Making agricultural work appealing—sustainable and profitable—is the key to solving these problems, Ford argues. For the security of America’s food system, farmers must be able to thrive. For farmers to thrive, their communities need to thrive. That’s why Ford has advocated for broadband access in rural America: so farmers’ kids can attend virtual classes and do homework. She also has prioritized medical facilities in rural communities. And her willingness to take on one of the most difficult political issues in America, immigration, also stems from this core belief.
“It’s very complex,” Ford admits. “It’s emotional, it’s fraught.”
A path forward
So what comes next? Immigration enforcement has been the focus of so much attention during the second Trump administration that not much has been done on immigration policy. The need for work-visa reforms doesn’t usually grab the same headlines. (One exception was when Trump proposed a $100,000 fee on H-1B visas, the program known for bringing skilled tech talent into the U.S.) But the policy work is what Ford is most eager to do, she says. She just needs things to calm down first.
The Business Roundtable supports measures to allow in an increased number of skilled immigrants; a bipartisan solution for Dreamers; and more temporary work visas. That last priority is most relevant to agriculture: The H-2A program allows farmers to employ workers for seasonal work. The dairy industry would like a similar program for year-round work.
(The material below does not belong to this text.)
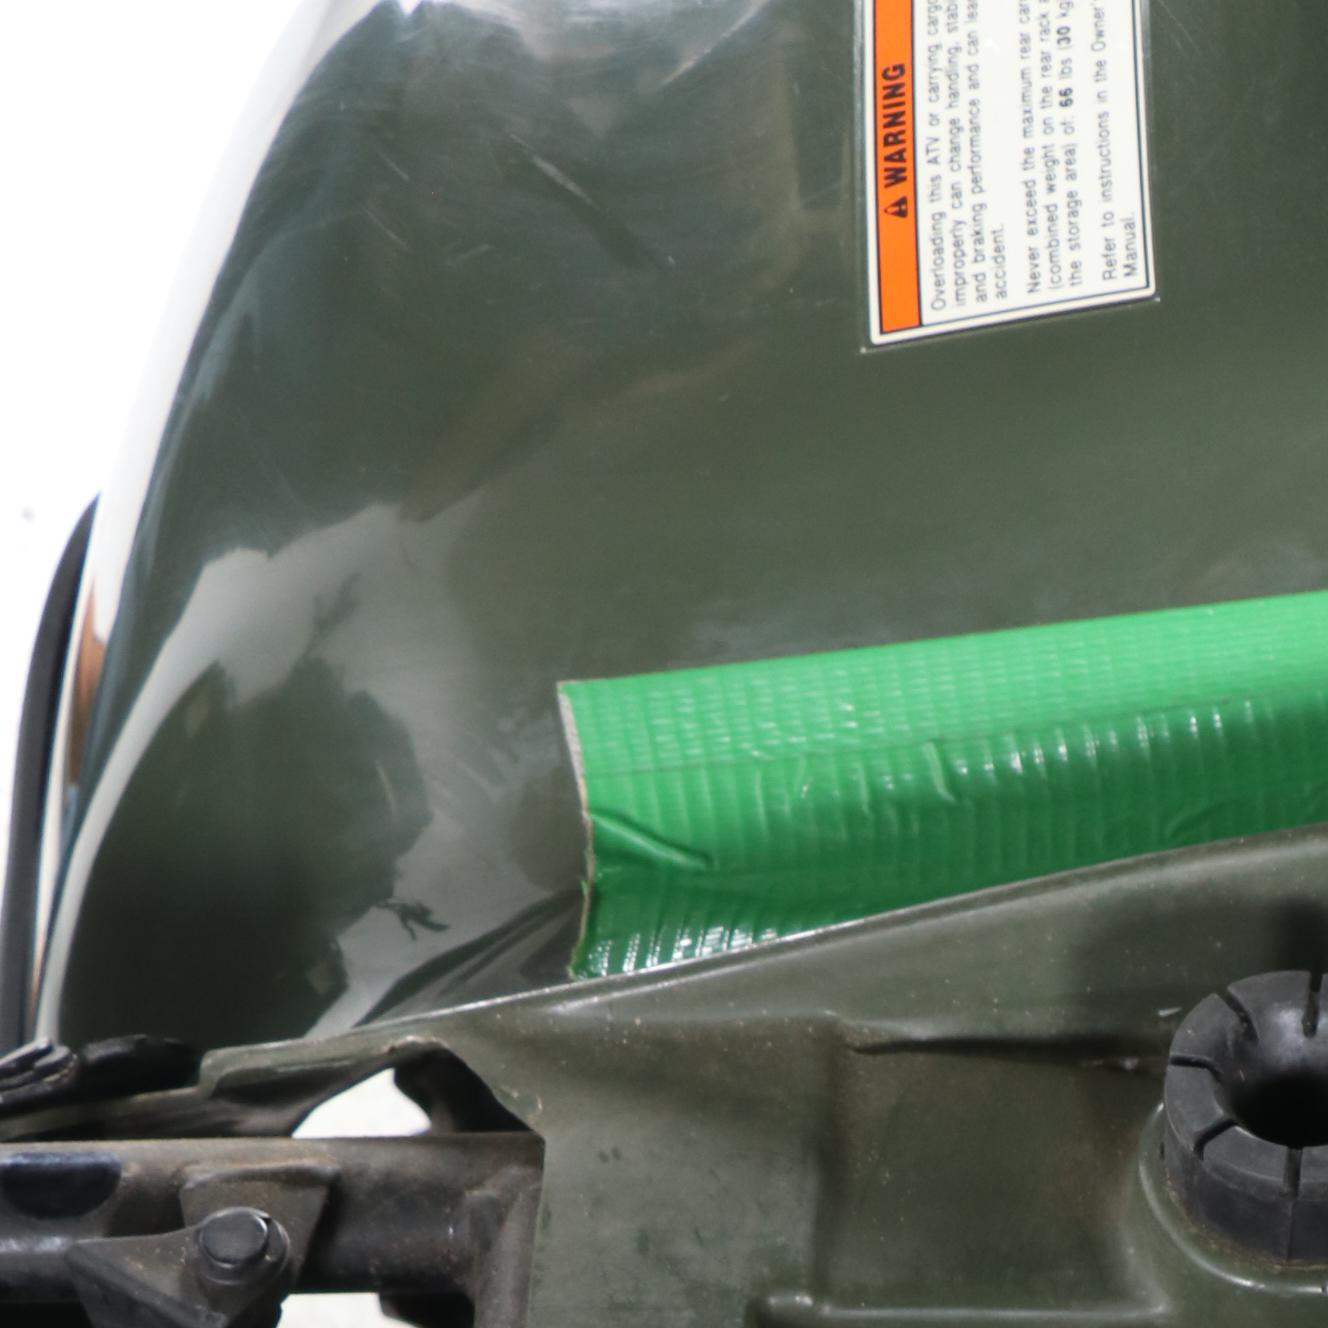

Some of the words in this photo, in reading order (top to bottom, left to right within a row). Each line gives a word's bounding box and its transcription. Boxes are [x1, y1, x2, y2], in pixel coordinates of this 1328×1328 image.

Ford bristles when asked if it’s difficult to negotiate with an administration that has been hostile to LGBTQ issues. She has a go-to line about working with people who have different beliefs: “I don’t even agree with some of the things that are said around my own dinner table.”
There is certainly some agreement to build upon, too. The uncomfortable triangle of business, lawmakers, and labor has unexpected corners of alignment: Labor and lawmakers both want agriculture to offer “good” jobs—whether for foreign-born workers or Americans. Business wants a strong economy, as does Trump. Ford is committed to forging a practical path forward, even if it’s a messy one.
“Hope is not a strategy,” she says. “That’s not what we’re doing here.”
This article appears in the October/November 2025 issue of Fortune with the headline “Fear on the farm.”